Records drawn from a dataset:

----------

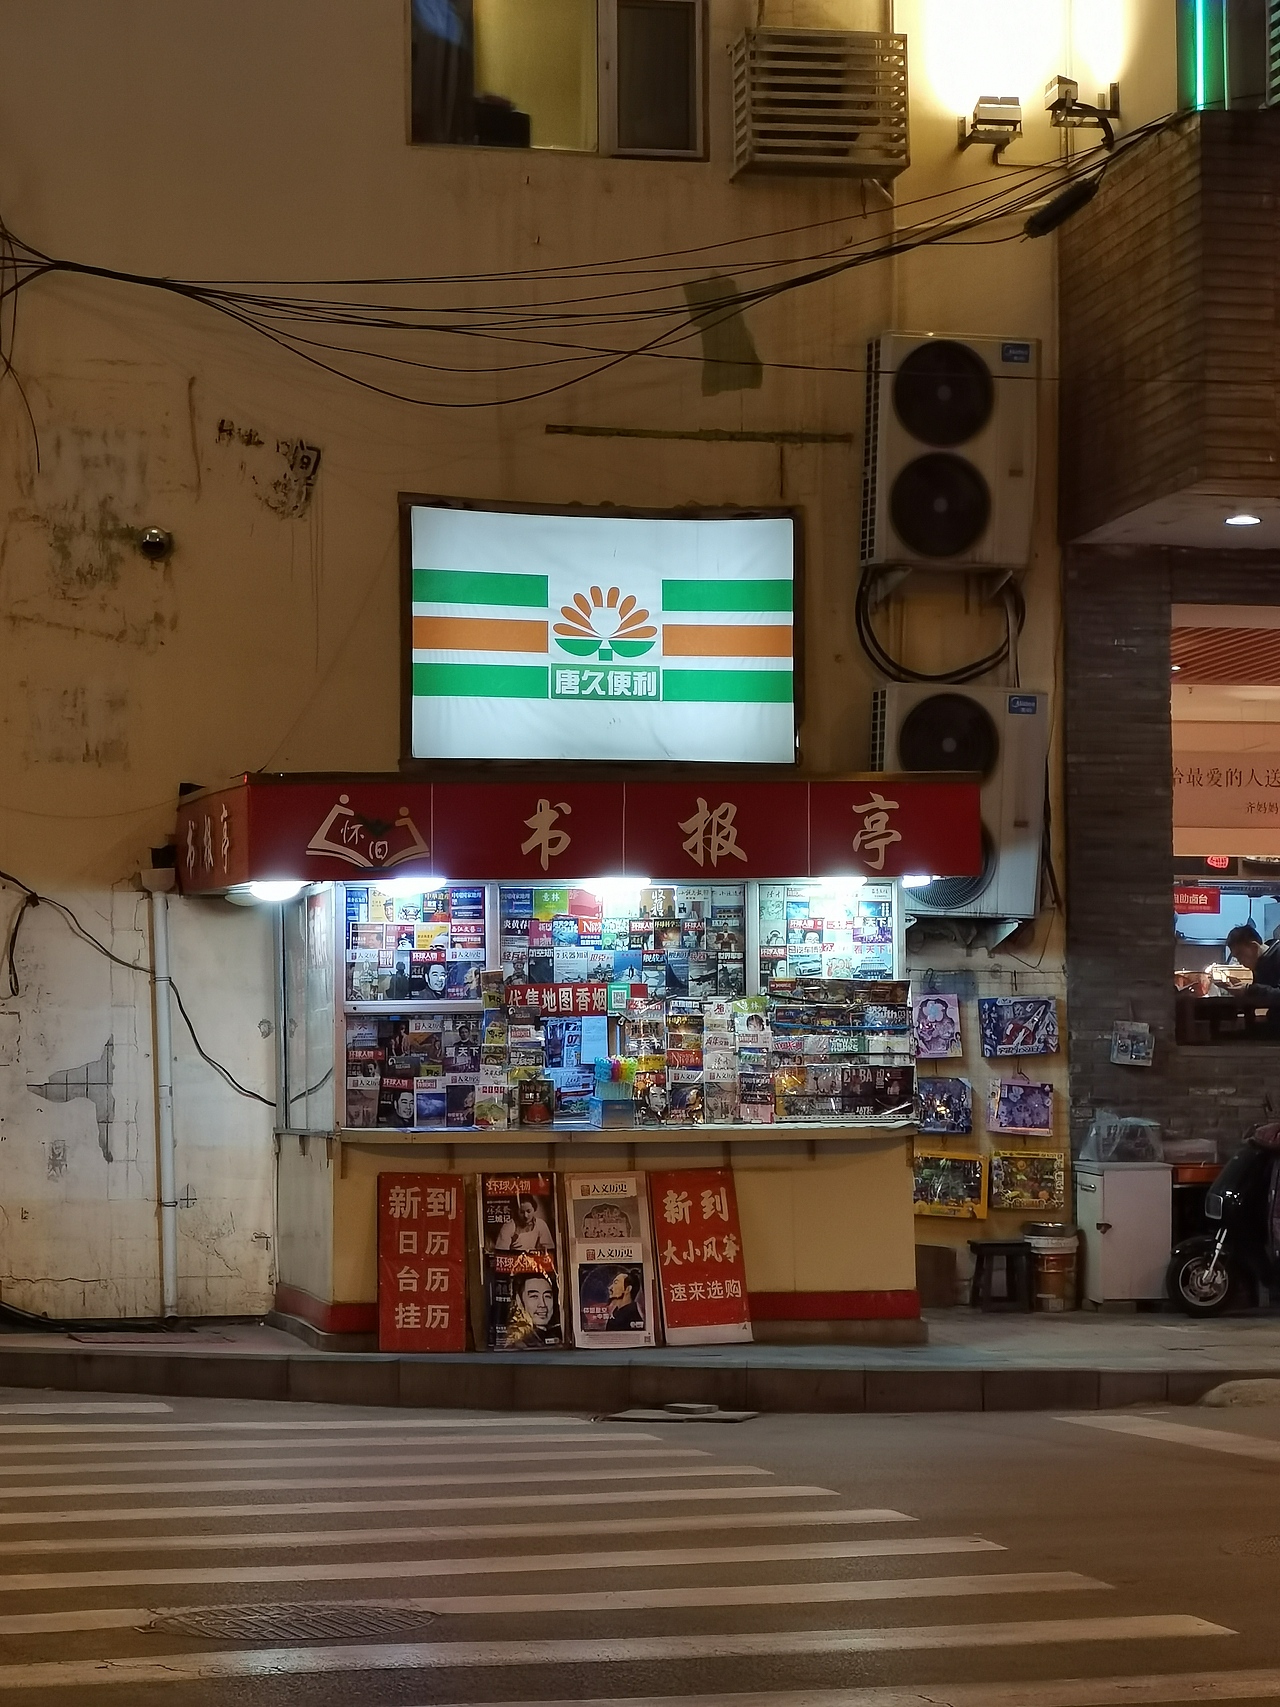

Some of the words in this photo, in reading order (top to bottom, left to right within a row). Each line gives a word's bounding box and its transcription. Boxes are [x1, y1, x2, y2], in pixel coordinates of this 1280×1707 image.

[555, 669, 657, 697] 唐久便利
[340, 819, 389, 861] 怀旧
[521, 792, 902, 871] 书报亭
[503, 919, 530, 929] 炎黄春
[445, 1048, 480, 1060] 看天下
[486, 1180, 531, 1192] 环球人物
[592, 1184, 628, 1193] 人文历史
[388, 1186, 458, 1221] 新到
[662, 1186, 730, 1225] 新到
[398, 1231, 451, 1256] 日历
[597, 1248, 633, 1258] 人文历史
[662, 1233, 741, 1267] 大小风筝
[396, 1266, 451, 1293] 台历
[669, 1278, 742, 1303] 速来选购
[394, 1303, 451, 1330] 挂历
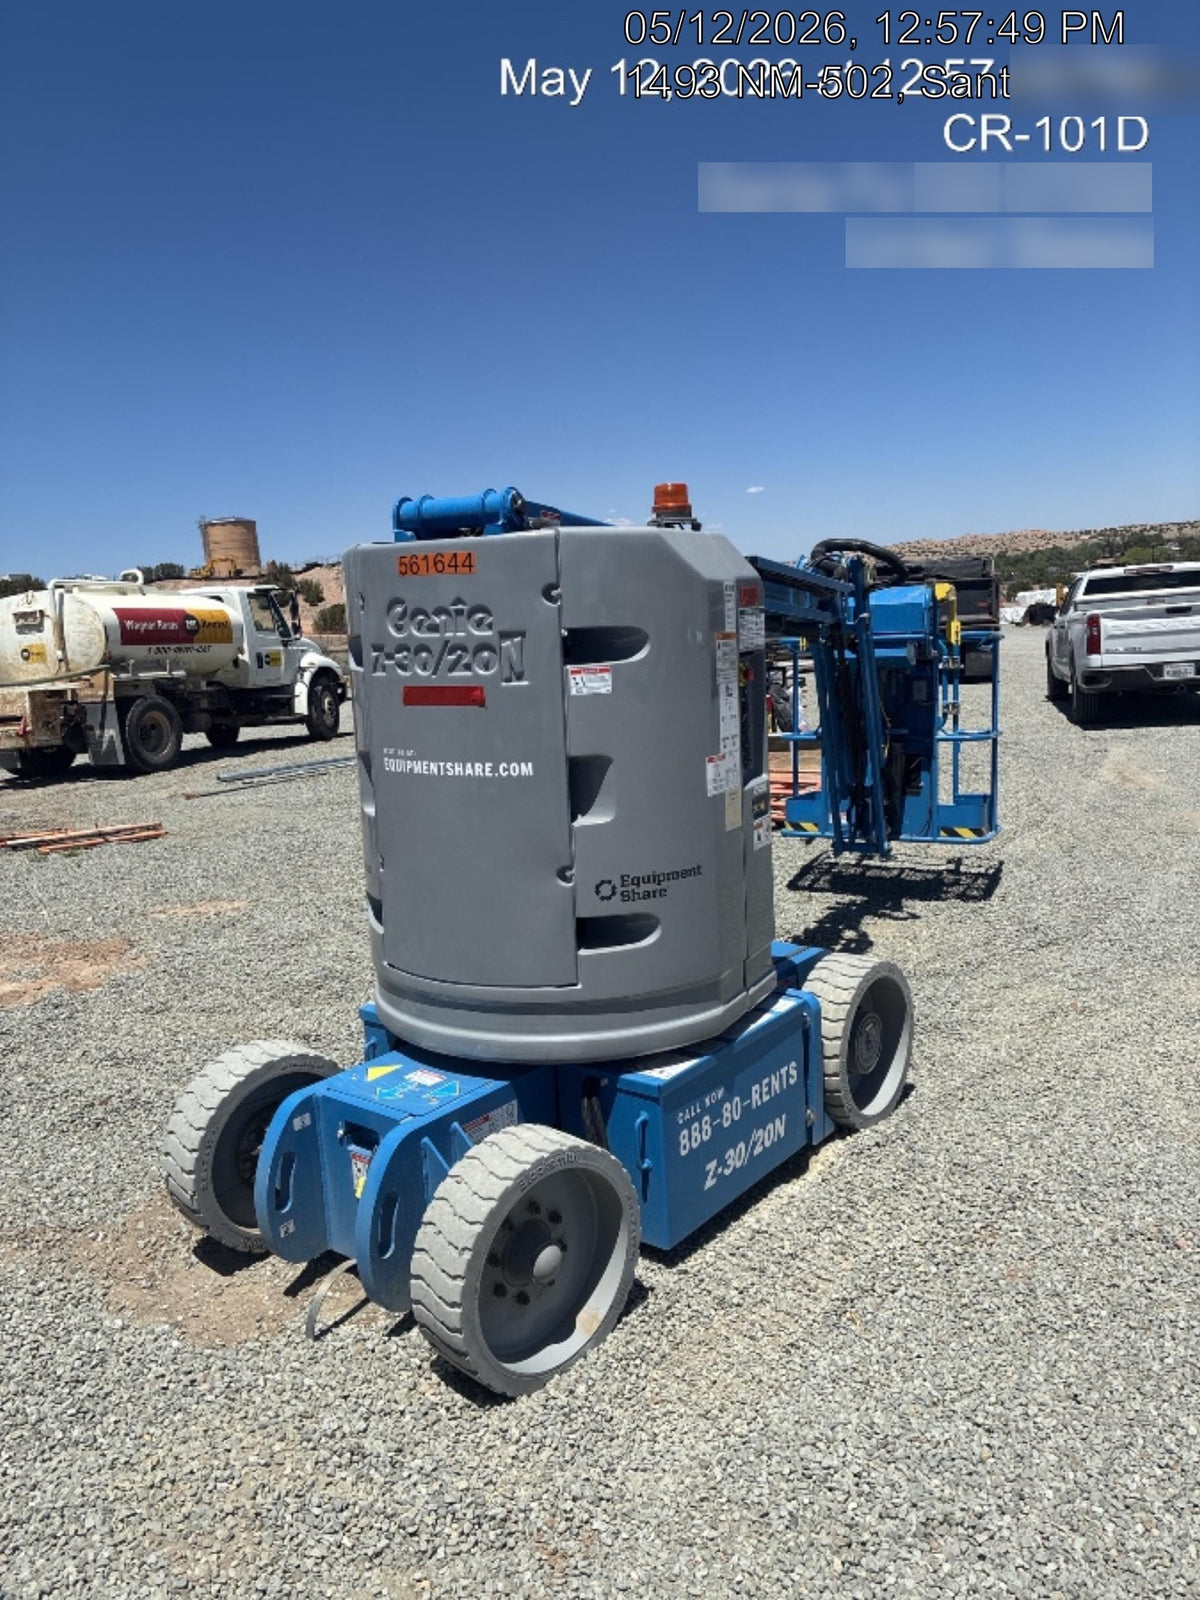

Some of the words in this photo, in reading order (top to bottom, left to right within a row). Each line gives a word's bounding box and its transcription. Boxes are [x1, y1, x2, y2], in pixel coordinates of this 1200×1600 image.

[399, 552, 474, 576] 561644
[387, 597, 493, 637] Genie
[383, 757, 534, 777] EQUIPMENTSHARE.COM
[620, 864, 702, 888] Equipment
[620, 888, 668, 902] Share
[677, 1104, 702, 1125] CALL
[705, 1085, 725, 1108] NOW
[679, 1061, 798, 1157] 888-80-RENTS
[704, 1112, 787, 1191] Z-30/20N
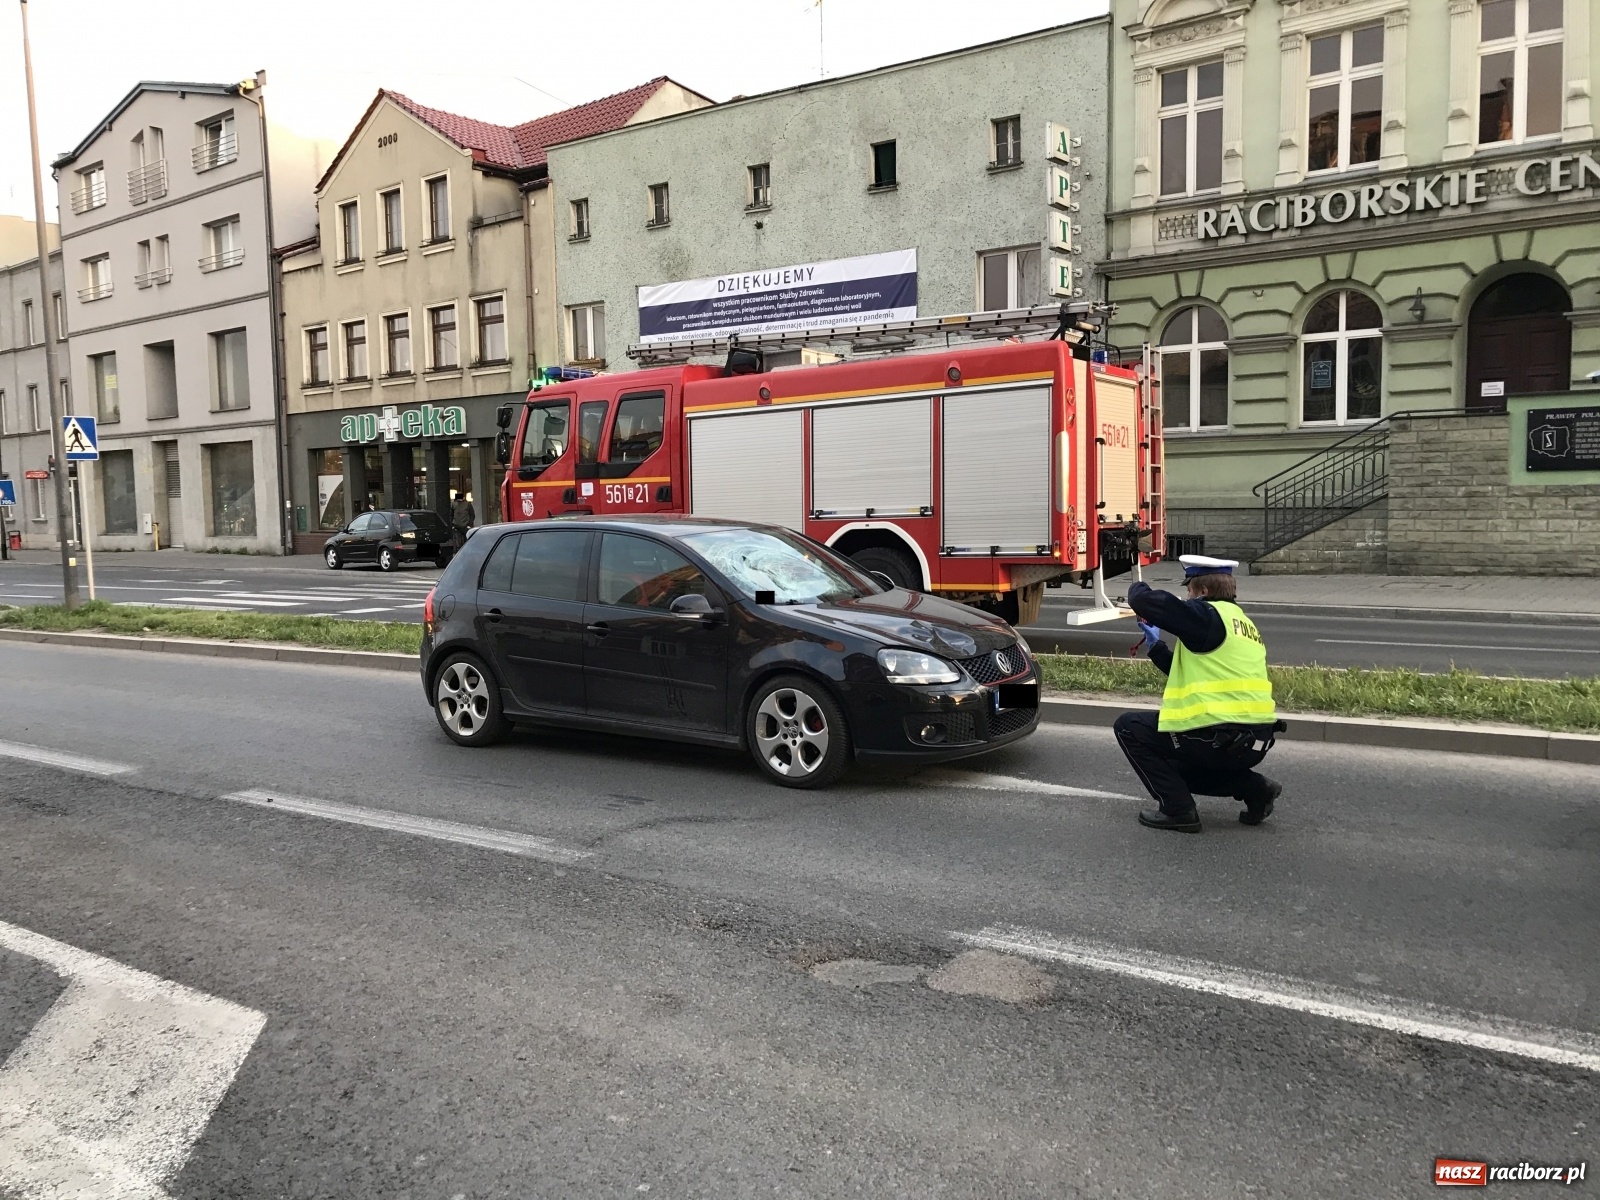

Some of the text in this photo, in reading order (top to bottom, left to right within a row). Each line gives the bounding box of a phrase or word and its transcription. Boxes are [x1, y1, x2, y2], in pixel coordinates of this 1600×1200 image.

[378, 133, 398, 148] 2000
[1197, 168, 1488, 240] RACIBORSKIE
[718, 267, 815, 293] DZIĘKUJEMY
[713, 288, 825, 308] wszystkim pracownikom Służby Zdrowia:
[806, 319, 818, 327] trud
[819, 316, 848, 326] zmagania
[849, 315, 858, 324] się
[863, 310, 895, 323] pandemią

----------

Problem: Restate the entries verbatim, without pictures.

Solution for this task:
Some of the words in this photo, in reading order (top to bottom, left to right within a row). Each line gives a word's bounding box and its transcription. Boxes are [x1, y1, x2, y2], in pixel coordinates of this 1280×1707 image.

[555, 669, 657, 697] 唐久便利
[340, 819, 389, 861] 怀旧
[521, 792, 902, 871] 书报亭
[503, 919, 530, 929] 炎黄春
[445, 1048, 480, 1060] 看天下
[486, 1180, 531, 1192] 环球人物
[592, 1184, 628, 1193] 人文历史
[388, 1186, 458, 1221] 新到
[662, 1186, 730, 1225] 新到
[398, 1231, 451, 1256] 日历
[597, 1248, 633, 1258] 人文历史
[662, 1233, 741, 1267] 大小风筝
[396, 1266, 451, 1293] 台历
[669, 1278, 742, 1303] 速来选购
[394, 1303, 451, 1330] 挂历

Some of the words in this photo, in reading order (top to bottom, left to right within a row). Each line gives a word's bounding box and its transcription. Boxes are [x1, y1, x2, y2], in pixel coordinates of this 1200×1600 image.

[399, 552, 474, 576] 561644
[387, 597, 493, 637] Genie
[383, 757, 534, 777] EQUIPMENTSHARE.COM
[620, 864, 702, 888] Equipment
[620, 888, 668, 902] Share
[677, 1104, 702, 1125] CALL
[705, 1085, 725, 1108] NOW
[679, 1061, 798, 1157] 888-80-RENTS
[704, 1112, 787, 1191] Z-30/20N

Some of the text in this photo, in reading order (top to bottom, left to right within a row). Each line gives the bounding box of a phrase or word and its transcription. Boxes are [x1, y1, x2, y2], in pixel coordinates of this 1600×1200 image.

[378, 133, 398, 148] 2000
[1197, 168, 1488, 240] RACIBORSKIE
[718, 267, 815, 293] DZIĘKUJEMY
[713, 288, 825, 308] wszystkim pracownikom Służby Zdrowia:
[806, 319, 818, 327] trud
[819, 316, 848, 326] zmagania
[849, 315, 858, 324] się
[863, 310, 895, 323] pandemią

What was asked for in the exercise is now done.